What do you think the best type of oil is for a 97 jetta with the new york climate?


----------



## RayMkIIIvdub (Apr 19, 2010)

up


----------



## ryan mills (May 3, 2002)

mobil 1 0w-40


----------



## JohnStamos (Feb 3, 2010)

*FV-QR*

Start at 0w40 and work your way down by monitoring pressure pressure. 


95% of 12v's I have experience with, only needed a 0w30, even at high miles.

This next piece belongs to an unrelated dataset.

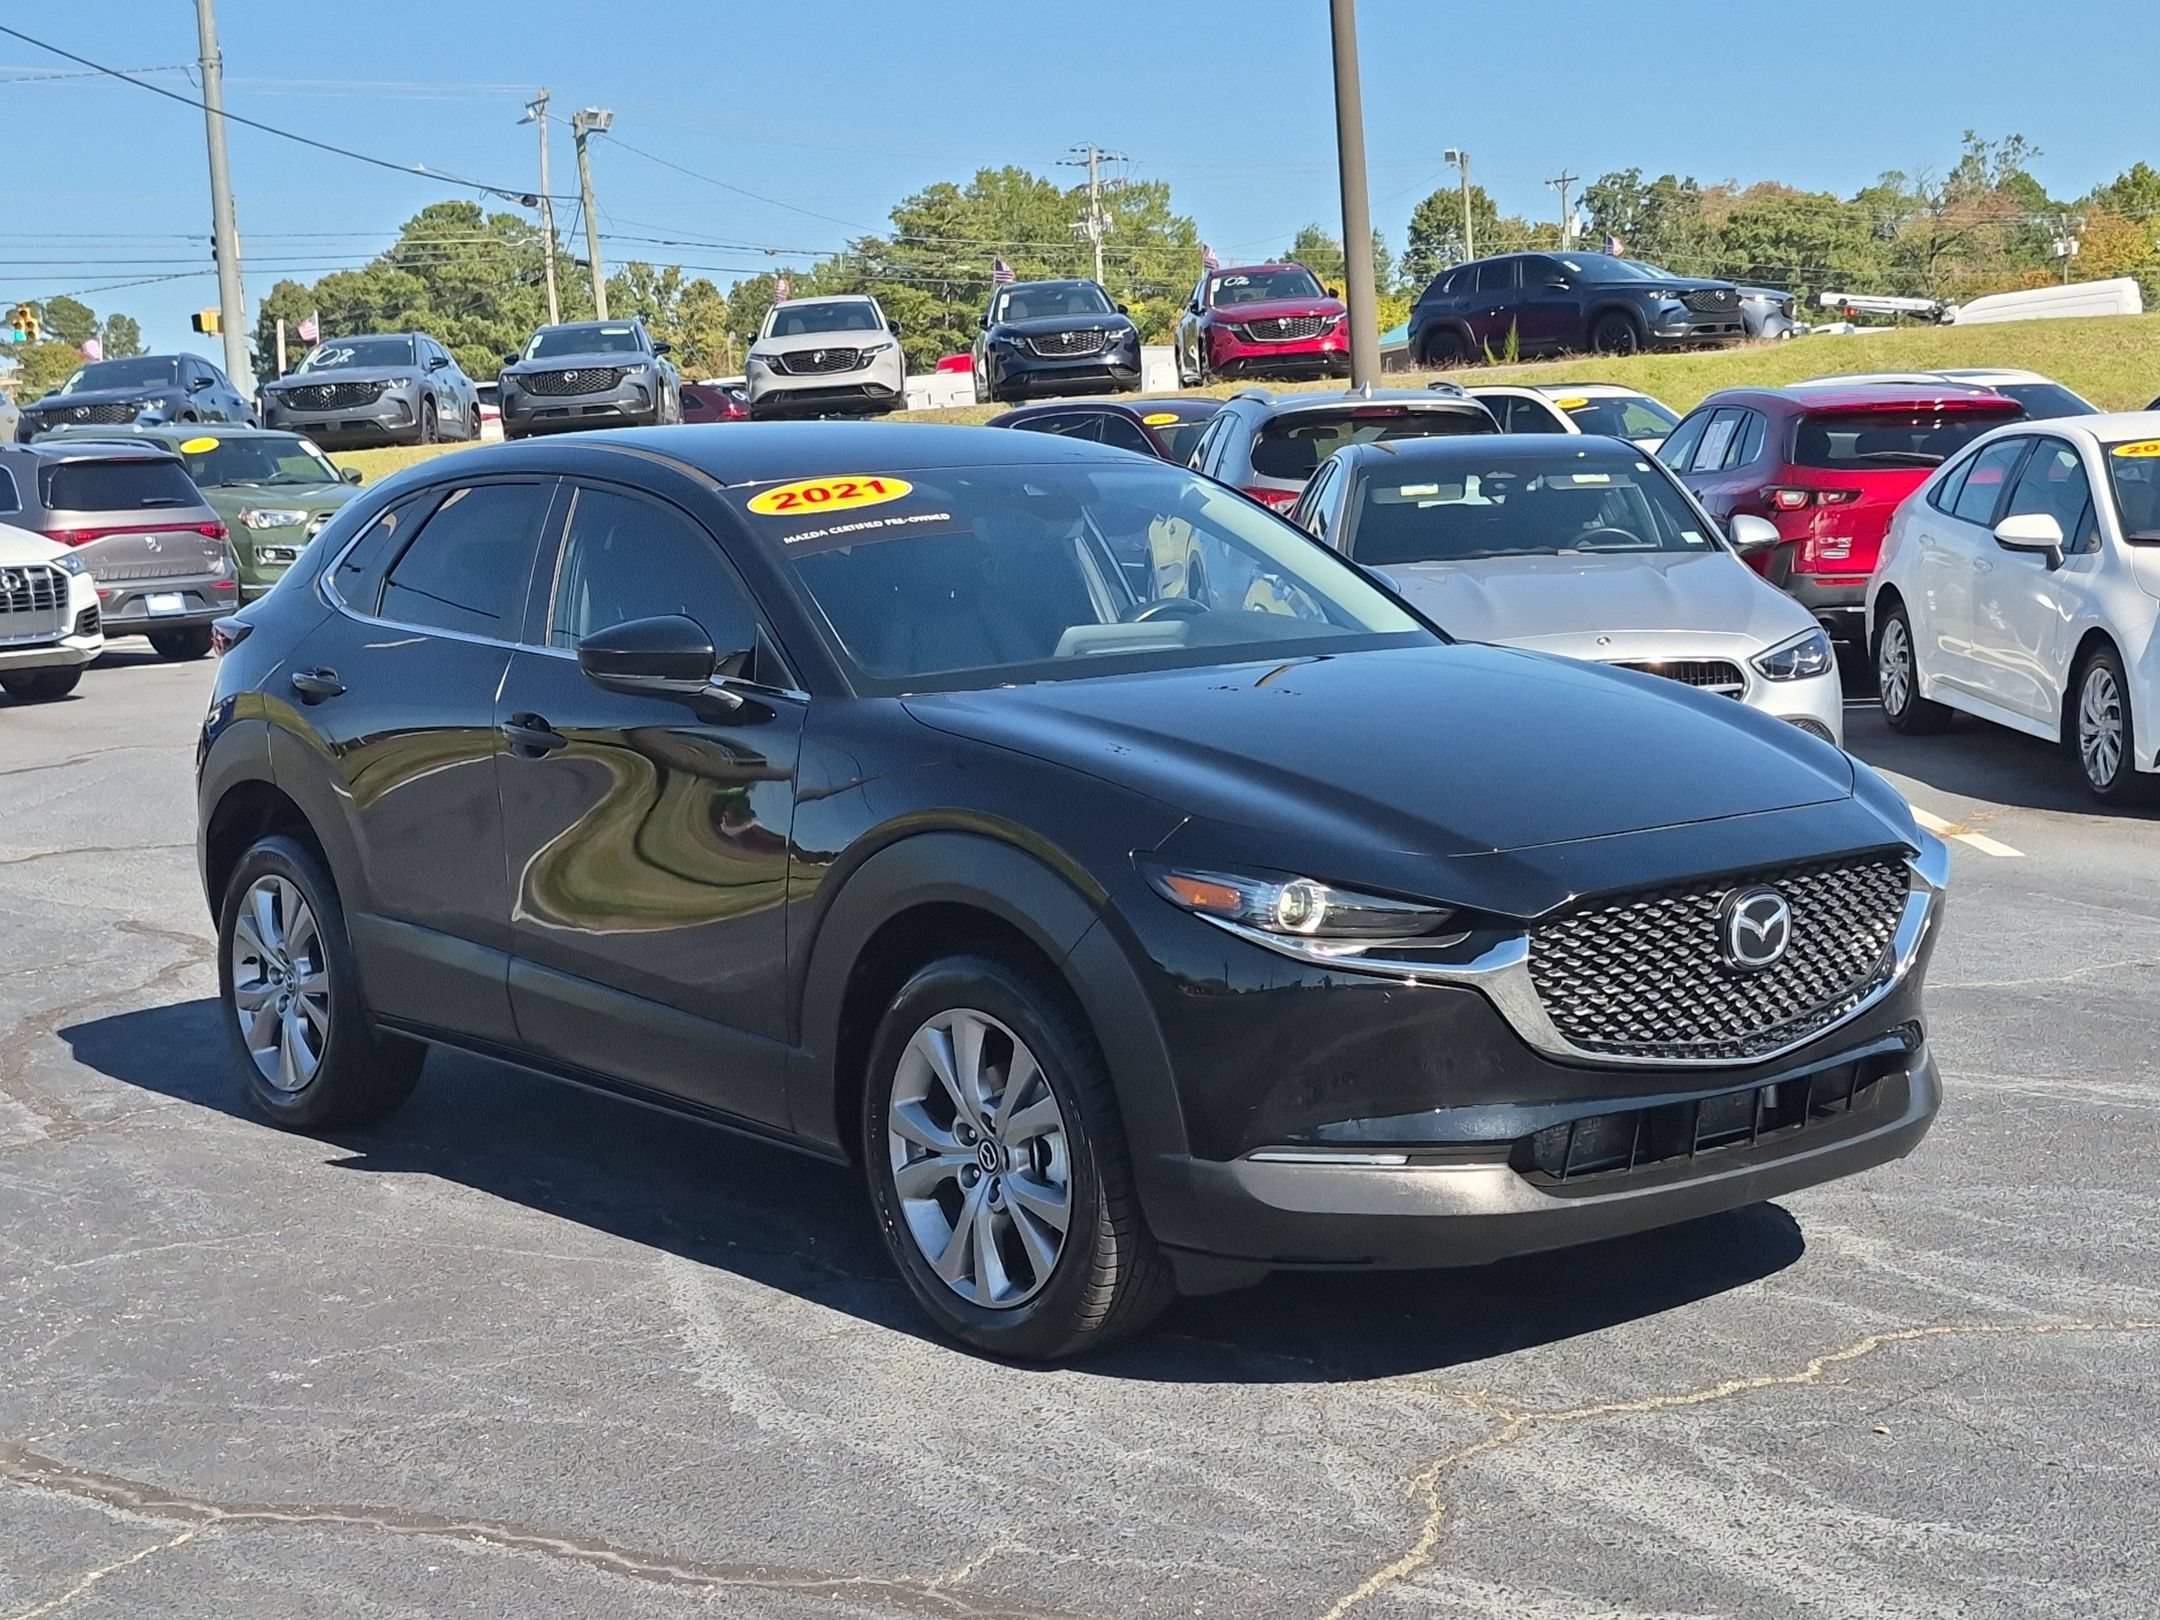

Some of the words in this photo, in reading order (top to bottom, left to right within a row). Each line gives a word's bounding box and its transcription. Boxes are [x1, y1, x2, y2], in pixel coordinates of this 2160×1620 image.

Also, forget the whole "climate" aspect. If you live in Alaska, you should run a 0w, if you live in Death Valley, you should run a 0w. They are both still way too thick at startup for the temps seen, but are the best we can currently do.


----------



## RayMkIIIvdub (Apr 19, 2010)

alot of guys i know with vr6 run 10w-30 in New York City which is where im from but most of them dont drive there car fast I on the other hand do and i know these vr motors can get pretty hot that why i was inquiring


----------



## jaso028 (Aug 12, 2007)

I don’t know if this helps, but the beginning of this summer I switched from 5w30 Castrol Edge to 5w40 Total Quartz from GAP... 

I recently started running this in both my 12v and my 24v and love it! seems the car runs smoother and there is very little to no burn off after 7500miles on both cars. maybe like .25 quarts... 

I also noticed GAP recently started carrying Liqui-Moly, considering switching up to that...


----------